■ Aim of the exercise ■
Drop the pictures, then repeat every record exactly as it stands.

■ Text-to-region grounding data ■
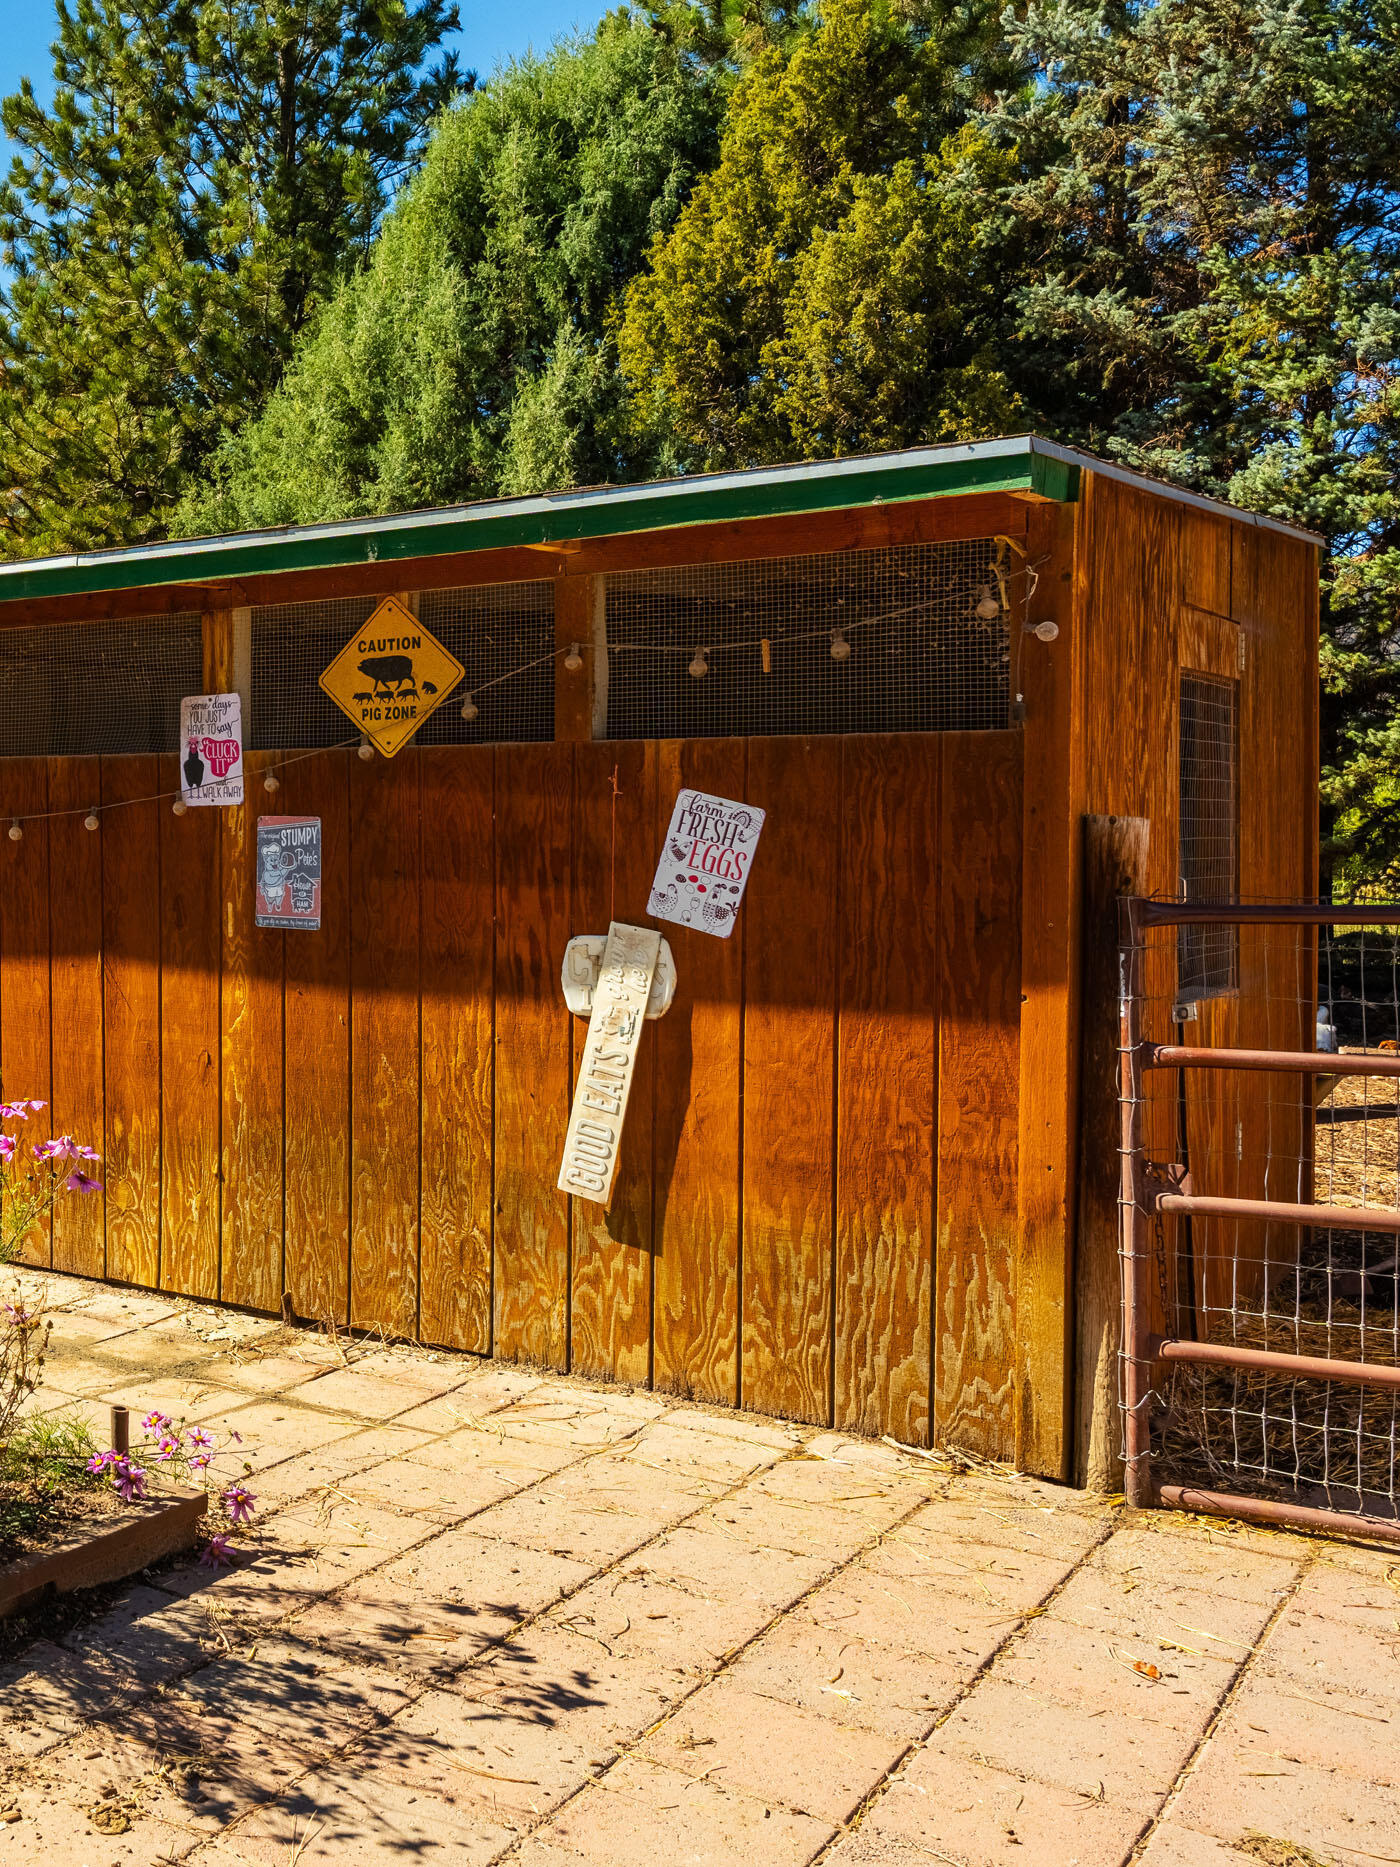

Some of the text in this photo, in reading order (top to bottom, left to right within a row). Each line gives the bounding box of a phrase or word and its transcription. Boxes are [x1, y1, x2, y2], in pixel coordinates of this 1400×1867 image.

[358, 636, 421, 653] CAUTION
[211, 696, 232, 715] days
[362, 706, 417, 721] PIG ZONE
[189, 710, 221, 723] YOU JUST
[188, 722, 233, 738] HAVE TO say
[202, 785, 242, 798] WALK AWAY
[281, 827, 318, 847] STUMPY
[676, 809, 739, 848] FRESH
[295, 848, 318, 866] Pete's
[687, 839, 747, 881] EGGS
[581, 1045, 629, 1117] EATS
[566, 1118, 615, 1193] GOOD
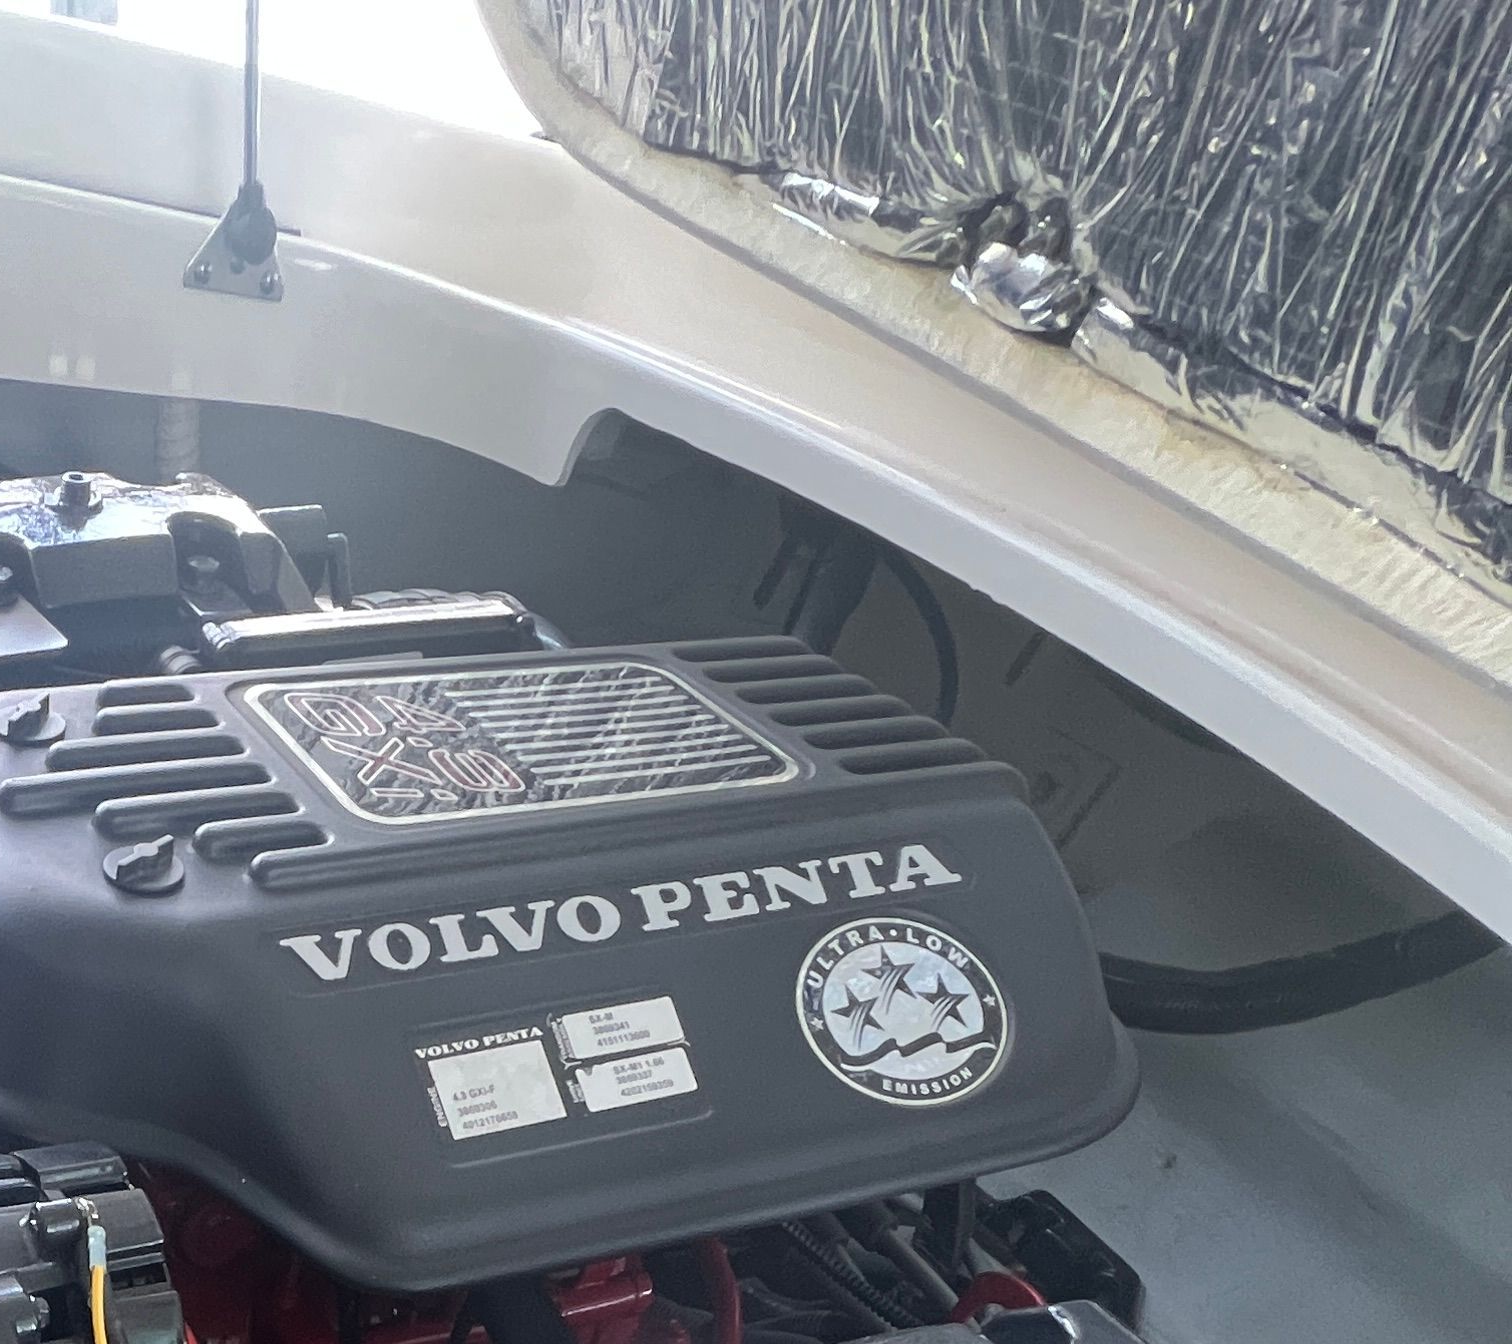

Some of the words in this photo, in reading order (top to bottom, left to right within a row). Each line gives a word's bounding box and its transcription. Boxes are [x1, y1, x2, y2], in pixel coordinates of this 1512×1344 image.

■ Solution for this task ■
Some of the text in this photo, in reading order (top to bottom, left to right within a row). Each line gives the bounding box of a phrase or word and its transcription. Boxes are [x1, y1, x2, y2], in pixel coordinates of this 1400×1867 image.

[358, 636, 421, 653] CAUTION
[211, 696, 232, 715] days
[362, 706, 417, 721] PIG ZONE
[189, 710, 221, 723] YOU JUST
[188, 722, 233, 738] HAVE TO say
[202, 785, 242, 798] WALK AWAY
[281, 827, 318, 847] STUMPY
[676, 809, 739, 848] FRESH
[295, 848, 318, 866] Pete's
[687, 839, 747, 881] EGGS
[581, 1045, 629, 1117] EATS
[566, 1118, 615, 1193] GOOD

Some of the words in this photo, in reading order (top to bottom, left to right within a row). Each line gives a word's bounding box and its transcription. Boxes are [x1, y1, x2, y2], in pixel coordinates of this 1512×1344 image.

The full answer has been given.